The State must also accept that it will have to police the borders intensely, that the populations holidays must be taken within the populations territory, that all private cross border travel must endure a well monitored quarantine, including billionaires in private jets, for as long as the quarantine is needed.

Immigration must cease until there are virus clear countries at both starting and ending journey countries, and it must also be disciplined by a two week quarantine.

Air travel for tourism, right now, is a luxury that we do not need. Air Freight is another matter. Land freight and sea freight must be handled with care.

Cross border Cruise and Tourism are luxuries - we do not not need them. When local populations take holidays in own countries, the income stays at home, this is better for everyone, and potentially there will be less carbon exhaust particulates in the air. Stop overs in infected areas cannot happen, of course. The workers need to be furloughed, for the 12 week period. The Companies can be helped.

Aviation and Tourism will take a hit, but only for as long as it takes to Elimination of uncontrolled spread of the virus s in departure/destination areas. Their ability to lobby governments to take stupid action has to be curtailed. They deserve support from the State just as any others do. According to their needs to stay afloat. 12 weeks, three months. It is not too much to ask, given the potential death toll of allowing the virus to infection millions upon millions of people, among them 11.5 million vulnerable people. Allowing Herd Immunity is cruelty.

The alternative to Elimination of uncontrolled spread of the virus is slowly achieving herd immunity across a given population at the practical HI level of 93% and unfortunately that guarantees that all vulnerable people WILL be exposed and that will come with a fatality and human damage cost which is unethical to consider for economic reasons, precisely because it is avoidable. It is wholly unethical to permit heard immunity by exposure. There is so much that is still unknown about the long term effects of this virus that to drop the precautionary principle at this early stages is epidemiological stupidity, and reckless misGovernance.
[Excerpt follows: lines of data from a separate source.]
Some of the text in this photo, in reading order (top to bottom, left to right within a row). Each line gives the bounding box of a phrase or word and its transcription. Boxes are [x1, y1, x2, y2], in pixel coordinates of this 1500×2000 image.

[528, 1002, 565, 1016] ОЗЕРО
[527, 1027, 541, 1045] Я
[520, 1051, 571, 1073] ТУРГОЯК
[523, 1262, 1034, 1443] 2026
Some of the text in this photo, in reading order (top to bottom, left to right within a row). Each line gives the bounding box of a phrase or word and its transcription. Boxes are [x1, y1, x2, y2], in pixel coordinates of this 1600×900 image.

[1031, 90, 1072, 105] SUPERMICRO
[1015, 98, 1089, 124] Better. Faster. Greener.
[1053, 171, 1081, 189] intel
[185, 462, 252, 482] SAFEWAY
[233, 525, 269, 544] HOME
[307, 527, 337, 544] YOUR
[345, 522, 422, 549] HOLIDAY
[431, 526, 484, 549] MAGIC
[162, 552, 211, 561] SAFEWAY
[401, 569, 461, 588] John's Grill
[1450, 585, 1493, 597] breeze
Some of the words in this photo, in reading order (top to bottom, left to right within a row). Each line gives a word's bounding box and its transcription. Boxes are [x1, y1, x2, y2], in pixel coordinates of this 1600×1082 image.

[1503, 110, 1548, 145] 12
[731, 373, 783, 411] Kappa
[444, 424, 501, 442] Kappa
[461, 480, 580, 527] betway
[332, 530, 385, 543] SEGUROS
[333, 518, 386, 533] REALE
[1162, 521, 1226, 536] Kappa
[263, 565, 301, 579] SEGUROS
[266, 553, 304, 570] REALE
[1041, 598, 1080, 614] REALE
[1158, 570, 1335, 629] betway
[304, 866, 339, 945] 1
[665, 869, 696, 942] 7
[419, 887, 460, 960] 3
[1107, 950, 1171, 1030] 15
Unless a State Establishment wants to exploit the virus to rereig Economies and State systems, in which case ethics are irrelevant. Trump and Johnson are two leaders who have ably demonstrated that ethics mean nothing to them personally or politically. Go figure current policy behaviour and outcomes.
Which is precisely what the UK and US Governments are doing, today, right now, right before your eyes. They are exploiting the situation, and causing great harm. This is insane, and it is profoundly unethical. "New Zealand, New Zealand!" It has to be said, in the clearest possible terms. This cannot be allowed to continue into the autumn. it really cannot be allowed. Something must be done, and soon.
Kindest regards

Corneilius

"Do what you love, it is your gift to universe."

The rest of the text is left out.